__What is needed__. What follows are records. Restate all of them word for word.
----
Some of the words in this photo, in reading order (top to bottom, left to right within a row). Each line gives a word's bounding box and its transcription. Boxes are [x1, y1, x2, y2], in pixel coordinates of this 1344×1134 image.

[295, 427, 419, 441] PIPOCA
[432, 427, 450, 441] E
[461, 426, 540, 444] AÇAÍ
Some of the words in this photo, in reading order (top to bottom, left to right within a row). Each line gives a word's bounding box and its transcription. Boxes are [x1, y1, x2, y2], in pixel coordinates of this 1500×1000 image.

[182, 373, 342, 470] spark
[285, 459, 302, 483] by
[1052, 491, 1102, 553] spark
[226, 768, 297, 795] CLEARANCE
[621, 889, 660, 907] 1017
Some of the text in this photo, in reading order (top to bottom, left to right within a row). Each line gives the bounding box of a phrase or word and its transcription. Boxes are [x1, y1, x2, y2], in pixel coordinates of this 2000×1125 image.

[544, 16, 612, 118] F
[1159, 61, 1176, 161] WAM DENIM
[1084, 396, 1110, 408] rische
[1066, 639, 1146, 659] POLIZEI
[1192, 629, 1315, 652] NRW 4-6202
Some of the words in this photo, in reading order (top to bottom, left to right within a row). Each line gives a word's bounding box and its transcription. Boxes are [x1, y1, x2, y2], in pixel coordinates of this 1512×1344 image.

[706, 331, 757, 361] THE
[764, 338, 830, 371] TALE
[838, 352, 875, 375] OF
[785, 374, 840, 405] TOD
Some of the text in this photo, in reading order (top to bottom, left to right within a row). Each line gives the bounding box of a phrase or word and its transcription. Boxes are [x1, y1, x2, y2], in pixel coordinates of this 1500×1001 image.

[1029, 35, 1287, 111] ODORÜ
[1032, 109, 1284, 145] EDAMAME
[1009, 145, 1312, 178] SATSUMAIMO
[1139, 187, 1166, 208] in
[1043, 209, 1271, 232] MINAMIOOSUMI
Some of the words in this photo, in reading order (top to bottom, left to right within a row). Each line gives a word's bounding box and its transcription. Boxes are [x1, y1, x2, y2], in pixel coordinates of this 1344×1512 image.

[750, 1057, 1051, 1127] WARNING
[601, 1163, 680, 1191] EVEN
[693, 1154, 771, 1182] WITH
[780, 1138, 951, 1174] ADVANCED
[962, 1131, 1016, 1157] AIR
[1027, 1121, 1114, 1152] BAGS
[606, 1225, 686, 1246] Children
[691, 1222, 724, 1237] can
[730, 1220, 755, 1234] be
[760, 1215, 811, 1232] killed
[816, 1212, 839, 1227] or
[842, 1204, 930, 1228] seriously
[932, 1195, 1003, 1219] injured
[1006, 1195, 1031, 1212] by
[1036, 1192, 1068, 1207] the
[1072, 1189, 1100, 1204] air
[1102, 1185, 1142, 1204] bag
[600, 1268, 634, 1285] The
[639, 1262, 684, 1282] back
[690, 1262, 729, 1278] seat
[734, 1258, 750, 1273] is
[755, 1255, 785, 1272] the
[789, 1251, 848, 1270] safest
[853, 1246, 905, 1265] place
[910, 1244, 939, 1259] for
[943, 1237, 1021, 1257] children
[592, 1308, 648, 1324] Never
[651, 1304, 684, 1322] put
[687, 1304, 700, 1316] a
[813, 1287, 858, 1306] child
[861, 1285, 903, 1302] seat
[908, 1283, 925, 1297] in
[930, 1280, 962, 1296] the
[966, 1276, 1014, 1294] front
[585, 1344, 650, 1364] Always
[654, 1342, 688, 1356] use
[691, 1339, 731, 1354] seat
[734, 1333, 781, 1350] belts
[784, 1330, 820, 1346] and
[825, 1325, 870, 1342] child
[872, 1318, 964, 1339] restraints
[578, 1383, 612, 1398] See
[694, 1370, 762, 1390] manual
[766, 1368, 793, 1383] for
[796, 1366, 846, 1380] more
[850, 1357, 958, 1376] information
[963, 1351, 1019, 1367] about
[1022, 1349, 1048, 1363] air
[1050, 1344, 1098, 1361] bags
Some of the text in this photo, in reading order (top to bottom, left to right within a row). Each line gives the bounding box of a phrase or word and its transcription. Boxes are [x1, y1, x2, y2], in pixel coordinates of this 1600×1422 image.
----
__Result of this exercise__.
Some of the words in this photo, in reading order (top to bottom, left to right within a row). Each line gives a word's bounding box and its transcription. Boxes are [x1, y1, x2, y2], in pixel coordinates of this 1344×1134 image.

[295, 427, 419, 441] PIPOCA
[432, 427, 450, 441] E
[461, 426, 540, 444] AÇAÍ
Some of the words in this photo, in reading order (top to bottom, left to right within a row). Each line gives a word's bounding box and its transcription. Boxes are [x1, y1, x2, y2], in pixel coordinates of this 1500×1000 image.

[182, 373, 342, 470] spark
[285, 459, 302, 483] by
[1052, 491, 1102, 553] spark
[226, 768, 297, 795] CLEARANCE
[621, 889, 660, 907] 1017
Some of the text in this photo, in reading order (top to bottom, left to right within a row). Each line gives the bounding box of a phrase or word and its transcription. Boxes are [x1, y1, x2, y2], in pixel coordinates of this 2000×1125 image.

[544, 16, 612, 118] F
[1159, 61, 1176, 161] WAM DENIM
[1084, 396, 1110, 408] rische
[1066, 639, 1146, 659] POLIZEI
[1192, 629, 1315, 652] NRW 4-6202
Some of the words in this photo, in reading order (top to bottom, left to right within a row). Each line gives a word's bounding box and its transcription. Boxes are [x1, y1, x2, y2], in pixel coordinates of this 1512×1344 image.

[706, 331, 757, 361] THE
[764, 338, 830, 371] TALE
[838, 352, 875, 375] OF
[785, 374, 840, 405] TOD
Some of the text in this photo, in reading order (top to bottom, left to right within a row). Each line gives the bounding box of a phrase or word and its transcription. Boxes are [x1, y1, x2, y2], in pixel coordinates of this 1500×1001 image.

[1029, 35, 1287, 111] ODORÜ
[1032, 109, 1284, 145] EDAMAME
[1009, 145, 1312, 178] SATSUMAIMO
[1139, 187, 1166, 208] in
[1043, 209, 1271, 232] MINAMIOOSUMI
Some of the words in this photo, in reading order (top to bottom, left to right within a row). Each line gives a word's bounding box and its transcription. Boxes are [x1, y1, x2, y2], in pixel coordinates of this 1344×1512 image.

[750, 1057, 1051, 1127] WARNING
[601, 1163, 680, 1191] EVEN
[693, 1154, 771, 1182] WITH
[780, 1138, 951, 1174] ADVANCED
[962, 1131, 1016, 1157] AIR
[1027, 1121, 1114, 1152] BAGS
[606, 1225, 686, 1246] Children
[691, 1222, 724, 1237] can
[730, 1220, 755, 1234] be
[760, 1215, 811, 1232] killed
[816, 1212, 839, 1227] or
[842, 1204, 930, 1228] seriously
[932, 1195, 1003, 1219] injured
[1006, 1195, 1031, 1212] by
[1036, 1192, 1068, 1207] the
[1072, 1189, 1100, 1204] air
[1102, 1185, 1142, 1204] bag
[600, 1268, 634, 1285] The
[639, 1262, 684, 1282] back
[690, 1262, 729, 1278] seat
[734, 1258, 750, 1273] is
[755, 1255, 785, 1272] the
[789, 1251, 848, 1270] safest
[853, 1246, 905, 1265] place
[910, 1244, 939, 1259] for
[943, 1237, 1021, 1257] children
[592, 1308, 648, 1324] Never
[651, 1304, 684, 1322] put
[687, 1304, 700, 1316] a
[813, 1287, 858, 1306] child
[861, 1285, 903, 1302] seat
[908, 1283, 925, 1297] in
[930, 1280, 962, 1296] the
[966, 1276, 1014, 1294] front
[585, 1344, 650, 1364] Always
[654, 1342, 688, 1356] use
[691, 1339, 731, 1354] seat
[734, 1333, 781, 1350] belts
[784, 1330, 820, 1346] and
[825, 1325, 870, 1342] child
[872, 1318, 964, 1339] restraints
[578, 1383, 612, 1398] See
[694, 1370, 762, 1390] manual
[766, 1368, 793, 1383] for
[796, 1366, 846, 1380] more
[850, 1357, 958, 1376] information
[963, 1351, 1019, 1367] about
[1022, 1349, 1048, 1363] air
[1050, 1344, 1098, 1361] bags
Some of the text in this photo, in reading order (top to bottom, left to right within a row). Each line gives the bounding box of a phrase or word and its transcription. Boxes are [x1, y1, x2, y2], in pixel coordinates of this 1600×1422 image.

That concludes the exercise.